Anaheim City Council candidates who are supported by the city’s biggest employer — the Disneyland Resort — were leading a wide field of hopefuls in early returns Tuesday night, but voters were split on a controversial “living wage” initiative that Disney has opposed.
The politics in Anaheim have recently centered on whether the Disneyland Resort, the source of nearly half of the city’s general fund revenue, is paying enough local taxes and whether it should be offering its workers higher wages.
Harry Sidhu, a businessman and former mayor pro tem who received campaign donations from Disney, was leading a field of eight candidates in the race to replace Mayor Tom Tait, an ardent Disney critic who has to step down because of term limits.
Another Disney critic, Councilman James Vanderbilt, was losing Tuesday to Jordan Brandman, an educator and businessman who received hefty campaign contributions from Disney.
Trevor O’Neil, the owner of an in-home care service company who also received donations from Disney, was in the lead to replace Disney supporter Kris Murray, who is also being forced out by term limits.
If the three candidates supported by Disney win, they will join Councilwoman Lucille Kring, a strong Disney advocate, and give the Burbank-based media giant a pro-Disney majority on the seven-member council.
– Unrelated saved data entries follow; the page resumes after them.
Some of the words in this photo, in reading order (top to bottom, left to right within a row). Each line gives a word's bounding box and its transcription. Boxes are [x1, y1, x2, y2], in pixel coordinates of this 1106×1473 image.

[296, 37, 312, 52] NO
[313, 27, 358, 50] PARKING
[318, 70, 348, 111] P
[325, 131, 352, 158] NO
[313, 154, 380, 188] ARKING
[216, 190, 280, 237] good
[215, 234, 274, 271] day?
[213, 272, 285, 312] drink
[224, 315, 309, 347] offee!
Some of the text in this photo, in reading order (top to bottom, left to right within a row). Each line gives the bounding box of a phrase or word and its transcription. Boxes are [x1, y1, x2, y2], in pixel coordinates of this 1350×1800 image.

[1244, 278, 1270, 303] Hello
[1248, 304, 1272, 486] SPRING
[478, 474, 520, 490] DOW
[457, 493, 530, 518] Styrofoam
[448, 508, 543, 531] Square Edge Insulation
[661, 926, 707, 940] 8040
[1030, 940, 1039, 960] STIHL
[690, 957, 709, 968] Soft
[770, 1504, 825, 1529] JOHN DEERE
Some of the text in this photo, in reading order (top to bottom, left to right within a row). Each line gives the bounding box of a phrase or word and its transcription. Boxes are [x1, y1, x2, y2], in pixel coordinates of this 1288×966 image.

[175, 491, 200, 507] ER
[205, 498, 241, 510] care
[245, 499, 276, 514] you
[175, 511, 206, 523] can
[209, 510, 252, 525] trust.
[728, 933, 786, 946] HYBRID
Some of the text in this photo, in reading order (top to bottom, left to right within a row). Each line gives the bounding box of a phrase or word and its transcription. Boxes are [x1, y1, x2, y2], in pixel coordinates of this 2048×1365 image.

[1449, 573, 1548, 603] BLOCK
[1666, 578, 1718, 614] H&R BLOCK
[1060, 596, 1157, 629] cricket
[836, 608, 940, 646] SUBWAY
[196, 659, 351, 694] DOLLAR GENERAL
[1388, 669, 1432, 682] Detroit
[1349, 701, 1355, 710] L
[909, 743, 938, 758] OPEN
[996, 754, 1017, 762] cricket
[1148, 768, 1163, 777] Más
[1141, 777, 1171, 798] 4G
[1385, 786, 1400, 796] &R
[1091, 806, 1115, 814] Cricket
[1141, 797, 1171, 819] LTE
Kring has two more years on her term.
Councilman Jose Moreno, an ardent critic of the Disneyland Resort, was leading in his reelection bid.
Early results showed voters were split on Measure L, which would require hospitality businesses that get a city tax break to pay workers an hourly wage of at least $15 starting in January, increasing $1 an hour each year until 2022, when the wage would then be tied to the cost of living. Unions representing Disney workers collected the signatures needed to put the measure on the ballot.
More than $7 million in contributions have been made to City Council candidates and ballot measures, according to campaign reports for donations made before Oct. 25.
Walt Disney Co., through Disney Worldwide Services, has donated at least $1.6 million to City Council candidates and independent committees. Before Measure L qualified for the ballot in June, Disney donated heavily to defeat the measure.
But the media giant has been outspent by unions, led by Unite Here Local 11, which represents hotel workers in Anaheim. As of Oct. 25, unions have contributed $1.9 million to candidates and to support Measure L.
Disney donated heavily to a slate of candidates that include O’Neil, Brandman and Mitch Caldwell, a former city planning commissioner who is running to unseat Moreno.
Disney has also contributed to the mayoral campaign of Sidhu and Lorri Galloway, the executive director of a nonprofit homeless shelter.
Supporters and opponents of Measure L disagree on whether it applies to the Disneyland Resort.
As the city’s biggest employer, with about 30,000 workers on its payroll, the resort is also Anaheim’s economic engine. Its three hotels, along with the 72 other nearby hotels, are expected to generate $151.2 million in occupancy taxes this fiscal year. That’s about 46% of the city’s $330-million general fund budget, which is used to pay for police, fire and recreational programs.
Anaheim City Atty. Robert Fabela has said that two hotels under construction, two other hotels in the planning phase and a shopping district in the city are receiving a tax break and would be obligated to pay the higher wages if Measure L passes.
Fabela said he doesn’t believe Measure L applies to the Disneyland Resort.
But the unions supporting the measure disagree, saying they believe the measure applies to the resort because the city agreed in 1996 to sell bonds that were used to build a $108-million parking structure for the resort. The bonds are being paid off with bed taxes from Disneyland Resort hotels as well as hotels outside the resort. The unions argue that the bond deal is a tax break.
Labor unions say that the measure would ensure that resort workers earn enough to pay for housing, groceries and other essentials. Opponents say the extra cost of the higher wages will scare off future development in the city.